The Directed Prediction Change - Efficient and Trustworthy Fidelity Assessment for Local Feature Attribution Methods

TL;DR

This paper introduces the Directed Prediction Change (DPC), a deterministic and efficient metric for evaluating the fidelity of local feature attribution methods, crucial for trustworthy explanations in high-stakes settings.

Contribution

The paper proposes DPC, a novel, faster, and deterministic fidelity metric that improves upon existing methods by incorporating directionality in perturbations and attributions.

Findings

DPC achieves nearly tenfold speedup over traditional metrics.

DPC provides deterministic and reproducible fidelity assessments.

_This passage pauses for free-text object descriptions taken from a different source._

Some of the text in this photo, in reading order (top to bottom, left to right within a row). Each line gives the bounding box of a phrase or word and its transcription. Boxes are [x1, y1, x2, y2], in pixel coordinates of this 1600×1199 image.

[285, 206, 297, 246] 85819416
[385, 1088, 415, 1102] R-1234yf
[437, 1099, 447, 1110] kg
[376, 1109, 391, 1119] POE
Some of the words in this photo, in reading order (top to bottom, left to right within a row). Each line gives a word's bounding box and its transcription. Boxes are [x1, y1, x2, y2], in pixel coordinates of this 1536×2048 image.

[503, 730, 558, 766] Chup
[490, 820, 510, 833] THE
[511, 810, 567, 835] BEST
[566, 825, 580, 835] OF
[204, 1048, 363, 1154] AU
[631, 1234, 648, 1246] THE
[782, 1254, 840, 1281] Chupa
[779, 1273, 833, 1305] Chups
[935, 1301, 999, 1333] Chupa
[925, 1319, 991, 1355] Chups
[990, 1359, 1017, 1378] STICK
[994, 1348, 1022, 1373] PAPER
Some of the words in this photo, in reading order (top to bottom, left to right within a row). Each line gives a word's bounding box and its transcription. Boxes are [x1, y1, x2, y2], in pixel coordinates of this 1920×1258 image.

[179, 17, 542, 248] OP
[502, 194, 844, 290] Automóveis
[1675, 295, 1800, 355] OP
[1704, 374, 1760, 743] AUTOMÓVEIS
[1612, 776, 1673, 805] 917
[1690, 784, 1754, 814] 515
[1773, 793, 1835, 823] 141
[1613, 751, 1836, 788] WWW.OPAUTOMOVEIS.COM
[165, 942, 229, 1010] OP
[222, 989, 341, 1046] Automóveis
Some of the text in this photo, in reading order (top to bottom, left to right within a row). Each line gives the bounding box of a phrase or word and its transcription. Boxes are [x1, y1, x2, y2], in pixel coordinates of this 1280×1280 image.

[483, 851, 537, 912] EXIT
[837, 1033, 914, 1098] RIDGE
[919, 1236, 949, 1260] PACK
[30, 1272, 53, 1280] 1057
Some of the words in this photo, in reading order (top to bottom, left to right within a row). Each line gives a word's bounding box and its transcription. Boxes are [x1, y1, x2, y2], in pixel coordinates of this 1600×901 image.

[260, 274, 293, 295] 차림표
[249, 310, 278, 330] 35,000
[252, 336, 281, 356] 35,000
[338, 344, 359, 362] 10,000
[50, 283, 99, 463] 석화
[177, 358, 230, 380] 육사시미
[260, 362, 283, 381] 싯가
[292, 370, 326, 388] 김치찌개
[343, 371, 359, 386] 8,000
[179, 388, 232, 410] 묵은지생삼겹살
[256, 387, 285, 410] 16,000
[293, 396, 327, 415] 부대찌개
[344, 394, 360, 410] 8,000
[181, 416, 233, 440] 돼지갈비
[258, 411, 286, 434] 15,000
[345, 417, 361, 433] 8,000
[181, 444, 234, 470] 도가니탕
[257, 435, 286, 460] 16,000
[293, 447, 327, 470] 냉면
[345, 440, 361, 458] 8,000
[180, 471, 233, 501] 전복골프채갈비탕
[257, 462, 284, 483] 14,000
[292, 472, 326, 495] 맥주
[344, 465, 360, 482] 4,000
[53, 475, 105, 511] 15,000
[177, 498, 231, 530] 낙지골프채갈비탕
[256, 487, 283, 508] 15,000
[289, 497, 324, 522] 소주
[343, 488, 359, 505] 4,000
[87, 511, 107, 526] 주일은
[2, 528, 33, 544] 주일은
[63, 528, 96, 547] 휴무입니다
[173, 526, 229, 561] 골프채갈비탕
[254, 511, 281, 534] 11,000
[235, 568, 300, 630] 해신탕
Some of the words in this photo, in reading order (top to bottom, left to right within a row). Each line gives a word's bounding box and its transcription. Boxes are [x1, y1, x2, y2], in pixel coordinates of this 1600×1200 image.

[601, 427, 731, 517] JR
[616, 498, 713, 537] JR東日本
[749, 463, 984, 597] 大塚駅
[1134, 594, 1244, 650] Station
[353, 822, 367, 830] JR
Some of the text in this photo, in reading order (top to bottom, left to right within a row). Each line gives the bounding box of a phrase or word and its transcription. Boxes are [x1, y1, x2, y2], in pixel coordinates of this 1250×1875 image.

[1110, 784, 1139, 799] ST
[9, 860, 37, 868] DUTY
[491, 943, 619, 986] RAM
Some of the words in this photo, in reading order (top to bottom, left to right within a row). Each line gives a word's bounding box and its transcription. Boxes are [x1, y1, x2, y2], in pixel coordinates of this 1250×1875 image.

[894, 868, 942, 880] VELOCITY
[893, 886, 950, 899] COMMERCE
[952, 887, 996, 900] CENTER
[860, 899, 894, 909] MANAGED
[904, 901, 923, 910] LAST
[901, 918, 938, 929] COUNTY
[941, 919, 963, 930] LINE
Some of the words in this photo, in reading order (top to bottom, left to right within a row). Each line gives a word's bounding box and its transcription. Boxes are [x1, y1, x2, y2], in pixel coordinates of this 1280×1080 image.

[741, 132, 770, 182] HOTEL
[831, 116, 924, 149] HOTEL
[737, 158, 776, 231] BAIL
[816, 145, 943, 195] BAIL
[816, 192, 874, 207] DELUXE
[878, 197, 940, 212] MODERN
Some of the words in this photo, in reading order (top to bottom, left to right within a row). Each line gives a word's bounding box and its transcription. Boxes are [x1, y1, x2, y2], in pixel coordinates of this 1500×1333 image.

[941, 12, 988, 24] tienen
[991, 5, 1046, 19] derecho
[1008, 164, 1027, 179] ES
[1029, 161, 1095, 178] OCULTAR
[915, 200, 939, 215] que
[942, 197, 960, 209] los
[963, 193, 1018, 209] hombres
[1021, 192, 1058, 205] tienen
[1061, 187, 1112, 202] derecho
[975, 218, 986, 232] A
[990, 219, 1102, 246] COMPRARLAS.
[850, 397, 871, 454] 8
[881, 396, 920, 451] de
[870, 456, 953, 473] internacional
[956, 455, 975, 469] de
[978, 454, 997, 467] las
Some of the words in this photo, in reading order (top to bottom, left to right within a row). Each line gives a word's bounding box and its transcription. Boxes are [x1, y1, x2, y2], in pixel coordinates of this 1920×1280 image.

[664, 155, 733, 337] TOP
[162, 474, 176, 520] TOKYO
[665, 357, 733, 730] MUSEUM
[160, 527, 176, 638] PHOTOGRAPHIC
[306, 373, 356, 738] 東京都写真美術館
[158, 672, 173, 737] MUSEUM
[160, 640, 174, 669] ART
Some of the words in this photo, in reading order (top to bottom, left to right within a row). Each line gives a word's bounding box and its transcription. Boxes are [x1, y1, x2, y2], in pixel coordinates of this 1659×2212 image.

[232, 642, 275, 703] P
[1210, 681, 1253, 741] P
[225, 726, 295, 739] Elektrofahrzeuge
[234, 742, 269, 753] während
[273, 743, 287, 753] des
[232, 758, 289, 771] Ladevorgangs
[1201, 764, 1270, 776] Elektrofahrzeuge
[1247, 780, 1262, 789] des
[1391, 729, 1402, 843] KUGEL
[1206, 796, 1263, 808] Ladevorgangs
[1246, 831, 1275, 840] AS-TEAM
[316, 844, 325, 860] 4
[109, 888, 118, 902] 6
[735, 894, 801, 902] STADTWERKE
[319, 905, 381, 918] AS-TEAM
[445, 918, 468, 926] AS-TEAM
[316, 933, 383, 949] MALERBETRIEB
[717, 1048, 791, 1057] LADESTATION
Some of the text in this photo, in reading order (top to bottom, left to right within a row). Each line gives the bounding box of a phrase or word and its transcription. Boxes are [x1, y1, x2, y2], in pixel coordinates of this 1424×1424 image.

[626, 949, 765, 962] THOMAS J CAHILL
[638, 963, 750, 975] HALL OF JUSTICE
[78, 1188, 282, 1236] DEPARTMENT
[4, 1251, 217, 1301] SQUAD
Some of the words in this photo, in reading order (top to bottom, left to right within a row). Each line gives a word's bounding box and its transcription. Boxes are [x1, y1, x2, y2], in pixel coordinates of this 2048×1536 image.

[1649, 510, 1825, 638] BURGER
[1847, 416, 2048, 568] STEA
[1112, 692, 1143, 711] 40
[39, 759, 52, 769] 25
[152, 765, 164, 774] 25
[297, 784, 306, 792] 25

Evaluation on diverse datasets and models confirms DPC's effectiveness.

Abstract

The utility of an explanation method critically depends on its fidelity to the underlying machine learning model. Especially in high-stakes medical settings, clinicians and regulators require explanations that faithfully reflect the model's decision process. Existing fidelity metrics such as Infidelity rely on Monte Carlo approximation, which demands numerous model evaluations and introduces uncertainty due to random sampling. This work proposes a novel metric for evaluating the fidelity of local feature attribution methods by modifying the existing Prediction Change (PC) metric within the Guided Perturbation Experiment. By incorporating the direction of both perturbation and attribution, the proposed Directed Prediction Change (DPC) metric achieves an almost tenfold speedup and eliminates randomness, resulting in a deterministic and trustworthy evaluation procedure that measures the same property as local Infidelity. DPC is evaluated on two datasets (skin lesion images and financial tabular data), two black-box models, seven explanation algorithms, and a wide range of hyperparameters. Across $4\,744$ distinct explanations, the results demonstrate that DPC, together with PC, enables a holistic and computationally efficient evaluation of both baseline-oriented and local feature attribution methods, while providing deterministic and reproducible outcomes.